Re: No nanotech before AI

From: John Clark (jonkc@worldnet.att.net)
Date: Fri Jul 14 2000 - 22:38:56 MDT


 Dan Fabulich <daniel.fabulich@yale.edu> Wrote:

>Couldn't the millions of years of development work on
>DNA and the rest of the body have created something that performs a
>more difficult job than screwing in rivets?

Certainly, but when a embryo gestates in the womb intelligence is not needed
for its construction, no intelligence at all, not even a little. It's a good thing
the construction parts aren't macroscopic or we wouldn't be here.

>But buildings are rather expensive also; beams are relatively cheap.

Have you priced building materials lately? Let's just say they're not cheaper
than atoms.

>Why don't we just make robots build buildings

The same reason evolution never came up with a way to build complex things
out of macroscopic parts, or at least it didn't until it came up with humans.
It's too hard to make things that way. I gave 6 reasons why.

> Drexler, for example, imagines machine-phase assembly to look an awful
> lot like macroscale assembly,

There are similarities, the most obvious is that both are building something, but
as I pointed out there are also important differences too.

>as far as the number of parts are concerned; rather than fill Nanosystems
>with discussion of how pure carbon reacts and how we can use that to build
>complex polymers one monomer at a time, he fills his diamondoid chapter
>with sketches of designs for levers, struts, bearings, rivets, etc.
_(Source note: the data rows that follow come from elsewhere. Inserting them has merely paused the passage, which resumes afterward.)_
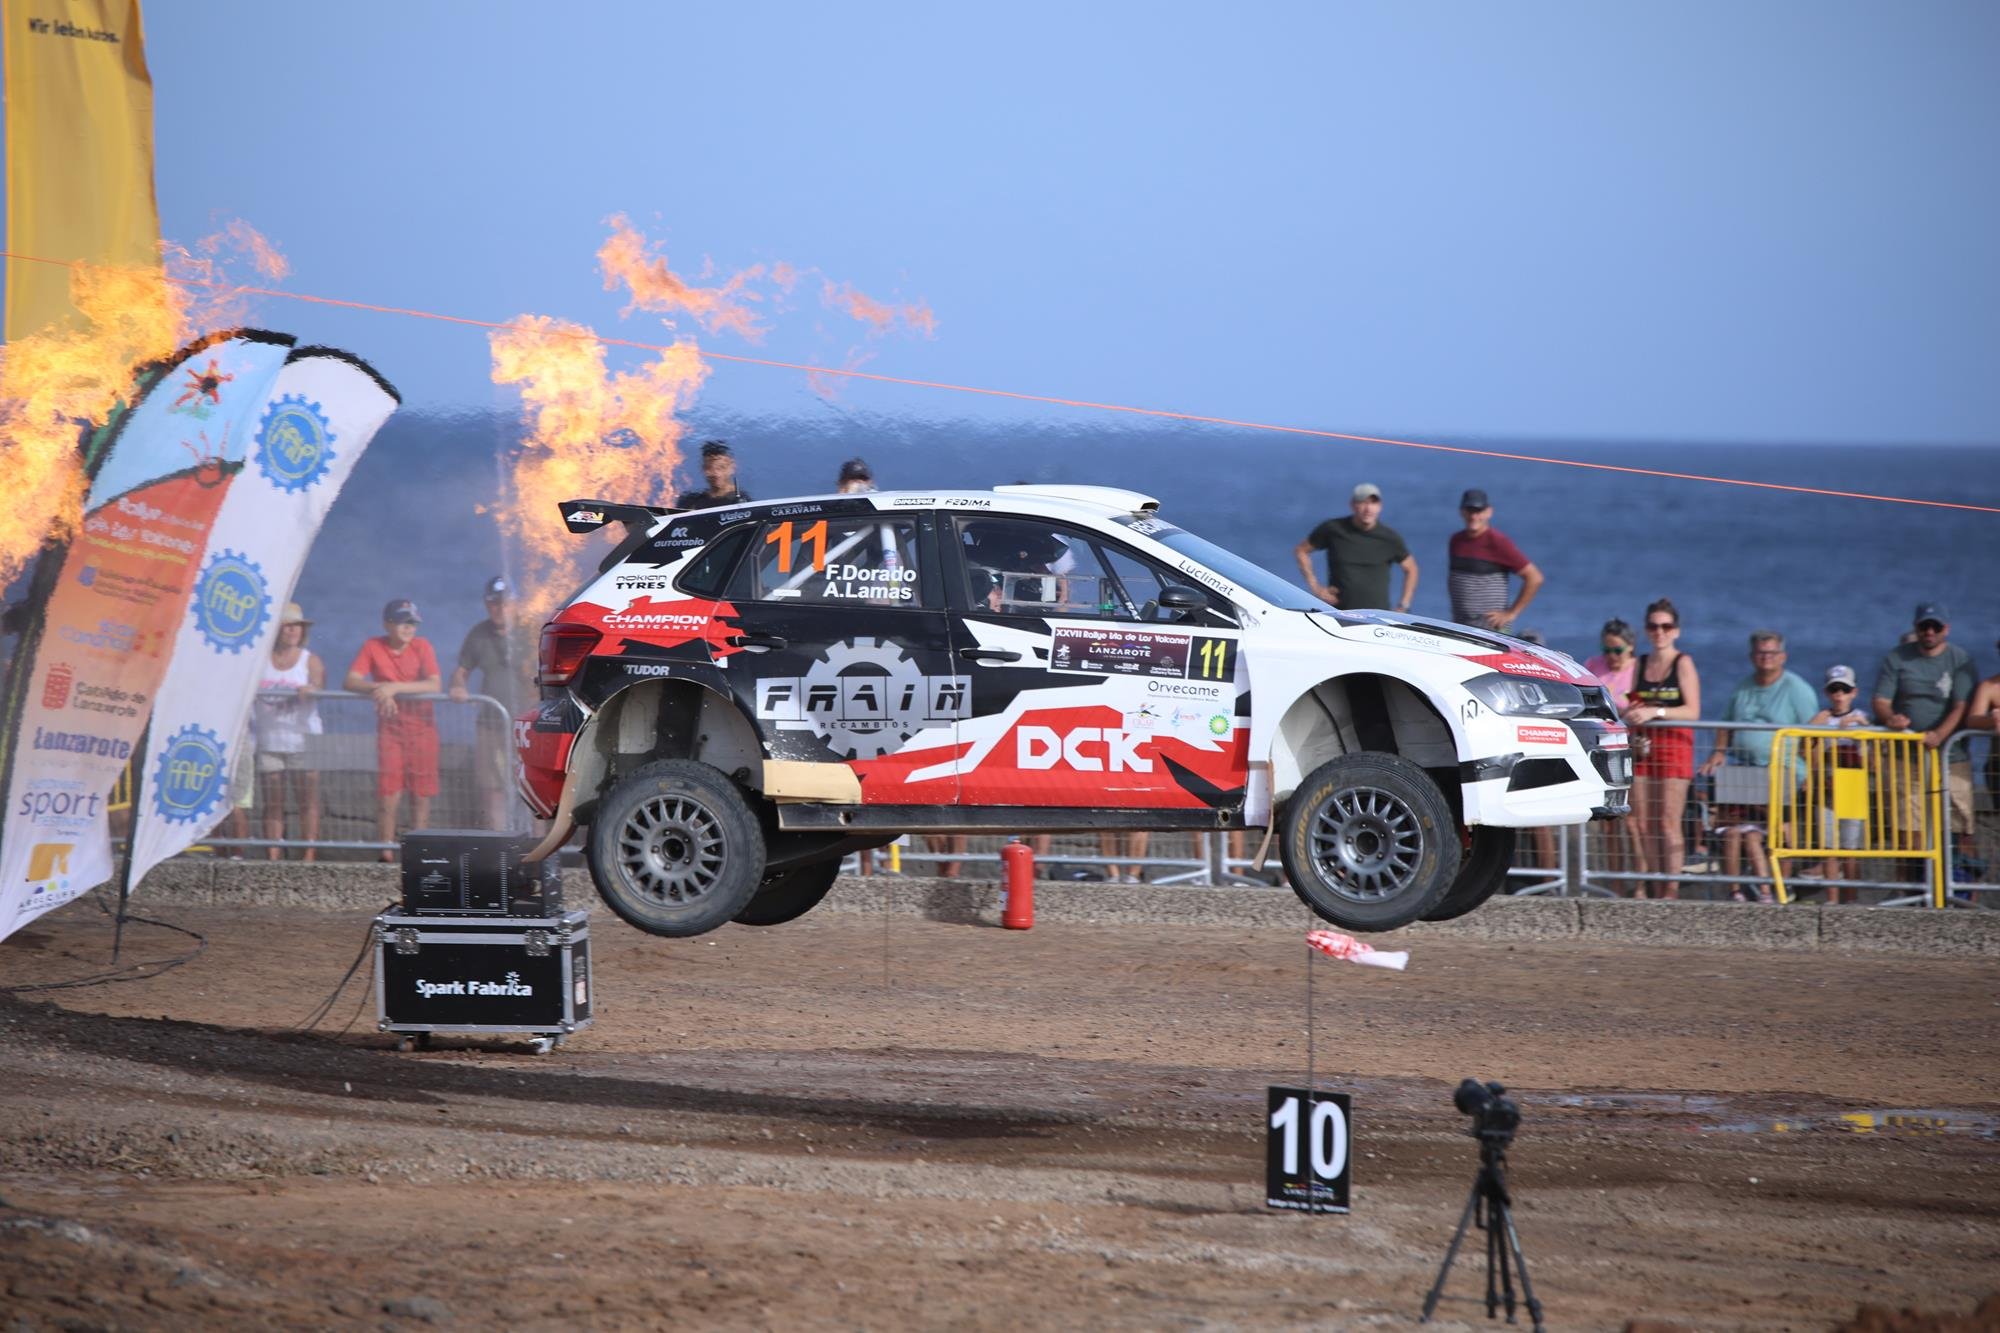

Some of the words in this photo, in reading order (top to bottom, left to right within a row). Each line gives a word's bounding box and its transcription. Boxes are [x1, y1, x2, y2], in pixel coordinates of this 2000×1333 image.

[771, 504, 822, 517] CARAVANA
[945, 499, 991, 507] FEDIMA
[766, 520, 828, 573] 11
[826, 564, 917, 583] F.Dorado
[1178, 559, 1234, 596] Luclimat
[616, 581, 665, 590] TYRES
[823, 582, 913, 600] A.Lamas
[602, 614, 708, 625] CHAMPION
[1125, 633, 1136, 641] de
[1088, 647, 1152, 658] LANZAROTE
[1200, 639, 1227, 679] 11
[626, 664, 671, 676] TUDOR
[1147, 680, 1220, 697] Orvecame
[820, 721, 909, 729] RECAMBIOS
[1519, 729, 1566, 738] CHAMPION
[33, 726, 130, 760] Lanzarote
[1017, 725, 1153, 773] DCK
[19, 791, 100, 823] sport
[416, 979, 466, 998] Spark
[467, 971, 533, 996] Fabrica
[1271, 1096, 1347, 1179] 10
The ultimate purpose of nearly all those machines is to manipulate bits of
information or manipulate individual atoms, it will take complex machines to
do that and if you want to build something macroscopic in a reasonable time
you'll need an astronomical number of those complex Nanomachines. If you
want to call that "chunking" that's fine with me but at the end of the day it all
comes down to picking up an atom here and putting it over there.

>>Me:
>>There is no way you can damage the parts Nanotechnology deals with.
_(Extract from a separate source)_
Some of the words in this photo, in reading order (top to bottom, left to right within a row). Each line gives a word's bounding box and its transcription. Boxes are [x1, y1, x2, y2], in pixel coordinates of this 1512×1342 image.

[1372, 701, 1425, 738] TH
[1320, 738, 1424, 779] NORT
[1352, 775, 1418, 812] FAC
> Not true if you chunk the problem the way Drexler does; indeed, he
> spends a lengthy section of the book dicussing just when and how his
> bonds will break under stress.

You can't damage atoms and of course bonds are not infinitely strong.
I must be missing something.

> OK, suppose I have a set of beams for you that are identical enough
> that slight discrepencies in shape or size are irrelevant.

It's not irrelevant and it's not theoretical. In a real world car assembly line there is a
huge amount of banging, warping, shoving, and finessing to get things to line up properly,
it must be done carefully and intelligently or things will break, workers spend more time
doing that then anything else. They need to do it an equal amount of fudging on the next
car they work on too but not in exactly the same way because the parts are not exactly the
same. The more parts you're using the more variations in part size add up and cause
trouble. If it wasn't for this we'd have had totally automated car factories in the 1950's.
Record the position the robot hand should to in at during every instant of assembly and
just replay it for the next car; it would never work. No cookbook smaller than the galaxy
could contain all the "if then" rules needed, to get the job done you need a brain.
However we know for a fact that a compact cookbook exists to make something far more
complex than a car and it works every time, DNA. The fundamental difference between a
car factory and a womb is the size of the building blocks.

>Organic chemistry is substantially more complicated than Lego blocks,
>even in the machine phase.

Granted it's not quite as easy as playing with Legos but it's much simpler than
most macroscopic object and the countless ways they can interact, like the way
a turbine blade interacts with a jet engine. There are fewer possibilities with atoms,
I might get H2O or H2O2 but H3O is unlikely.

Even more important, chemistry is repeatable. If I overstress a jet engine it will fail
at some point but no two will ever fail in the same way at the same time. The weather
it flies through will never be the same either because some butterfly in Brazil decided
to flap its wings two years ago. In contrast, although the process is astronomically
complex, a protein folds up into exactly the same intricate shape every time over a
large range of temperature and pH found in biological systems. I can't think of anything
made of macroscopic blocks that robust.